Esa es la trampa: creer que la gordura es índice
moral. Porque la gente es gorda o delgada por factores naturales, por gustos,
por hábitos y, cuando, como sucede hoy, intenta contrariar demasiado sus
disposiciones (ya sean genéticas, culturales, idiosincrásicas) se convierten en
personas que solo sirven para adelgazar. Mucha atención al cuerpo es
devastadora. Eurípides y Platón lo decían a propósito de los atletas: son gente
inútil para lo que no sea hacer dietas y perseguir objetivos extravagantes. Hay más obesas entre grupos de mujeres
pobres por el escaso ejercicio, los alimentos baratos, el encierro en la
cocina. Encontramos menos obesas entre las mujeres con alto
capital cultural porque se movilizan mucho contra la gordura : de hecho,
algunas no hacen otra cosa y acaban teniendo problemas de aupa. Pero también
hay, evidentemente, muchas mujeres cultas y gordas. Pero más allá de que estén en un lado o en otro, sean ejecutivas o medio pensionistas, ¿de qué es un signo la gordura? De nada.

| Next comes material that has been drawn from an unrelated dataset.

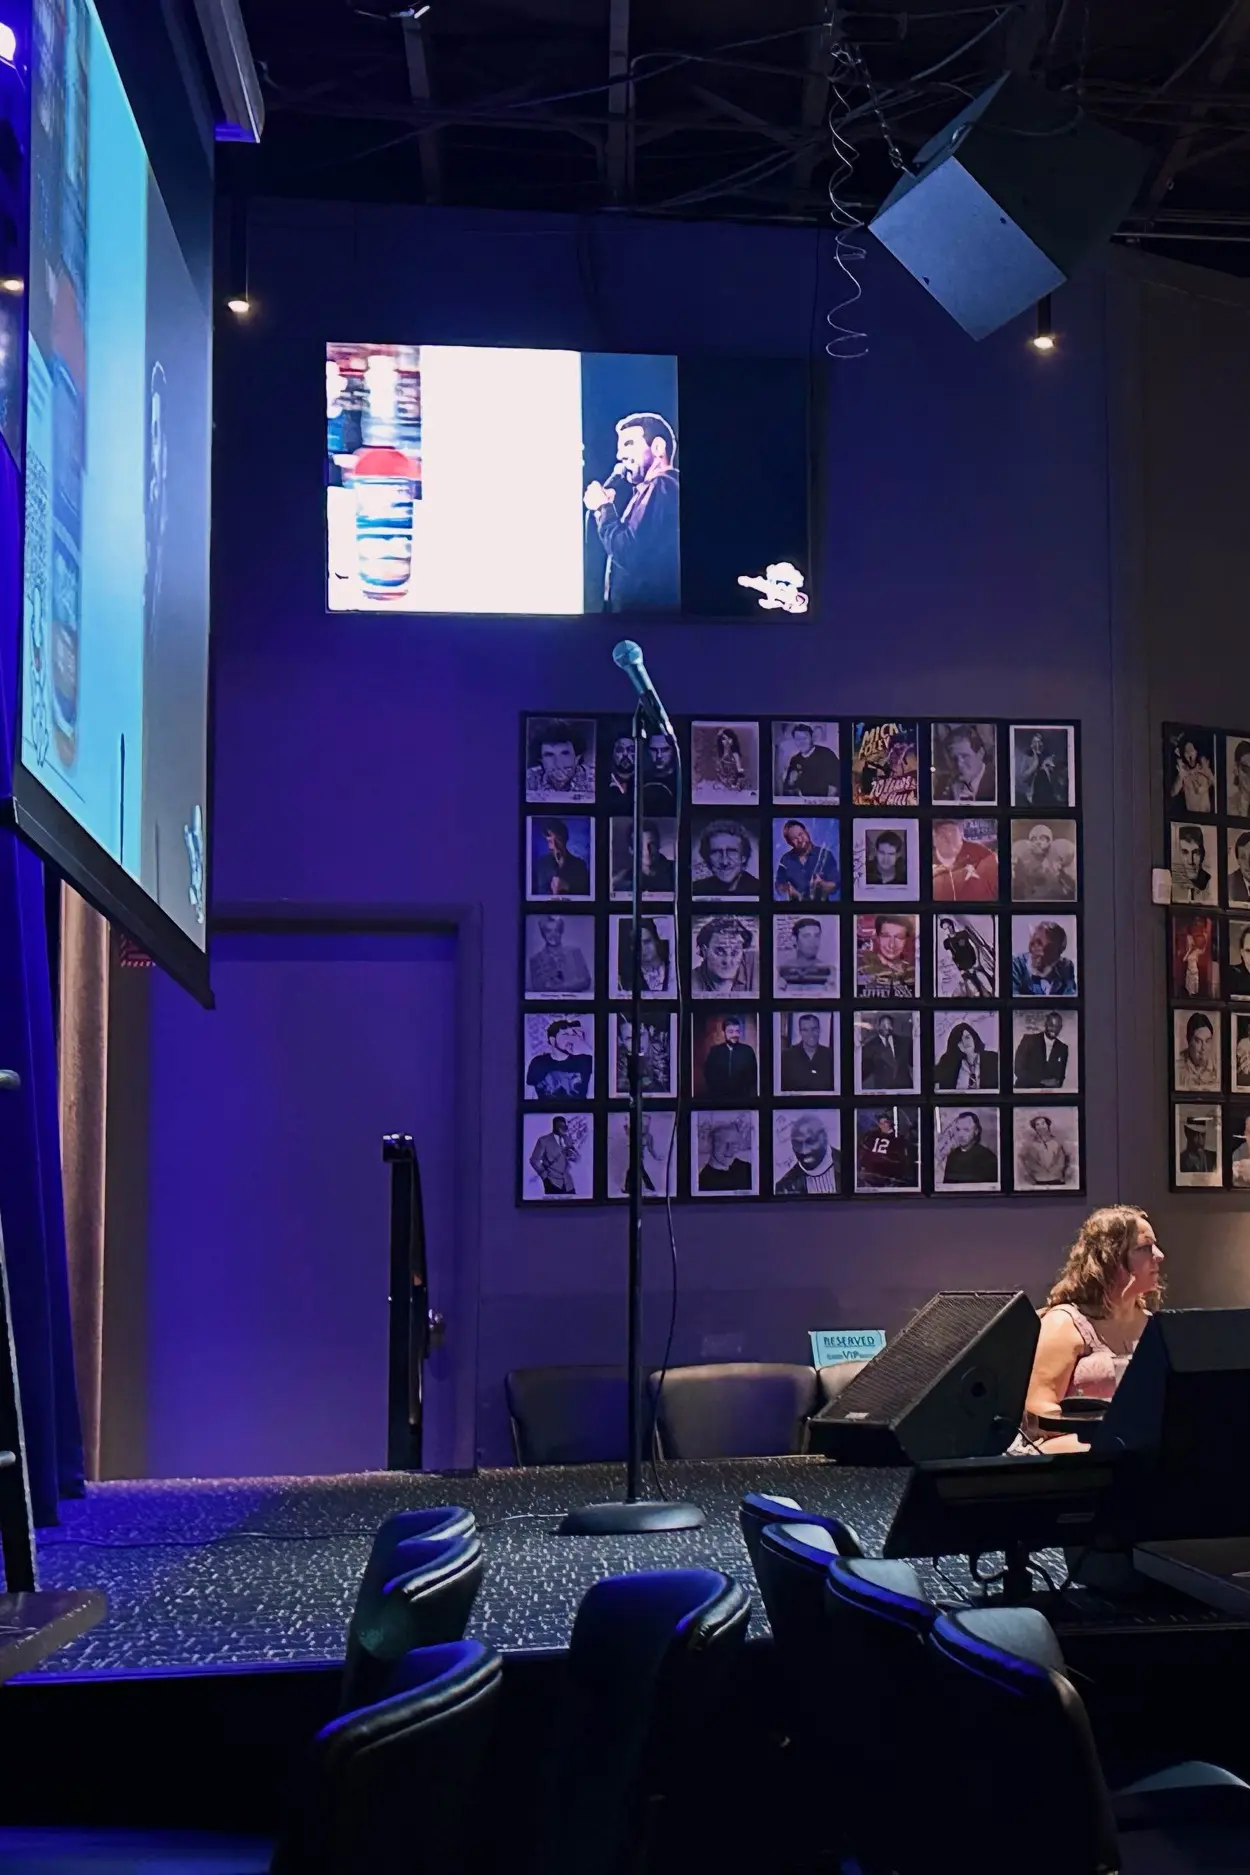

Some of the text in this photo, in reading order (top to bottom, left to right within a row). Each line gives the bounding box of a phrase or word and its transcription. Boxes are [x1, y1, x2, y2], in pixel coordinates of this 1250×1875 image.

Porque lo fundamentalmente tonto es creer que la
calidad moral, ética o social de un individuo se lee en que su cuerpo sea más o
menos estilizado. Y ya puestos a sostener idioteces, podría decirse lo
contrario. Cuando una se moviliza por otras cuestiones, como Ada Colau, es
normal que no tenga tiempo en movilizarse contra la báscula. Y que a los ojos
de alguien como Alfonso Rojo, e incluso de las mujeres que él admira, aparezca
como gorda. Una sociedad de gente movilizada contra los desahucios y las
injusticias quizá incluyese menos delgados entre las clases cultas: más gente
que sabría de economía, de política y menos de retenerse y medir sus calorías.
Quiero ser gorda como Ada Colau sería entonces un programa político liberador. Ese programa se convertirá en realidad
cuando llamar a alguien gordito sea tan ridículo como reprocharle que sea de Getafe o se apellide Martínez.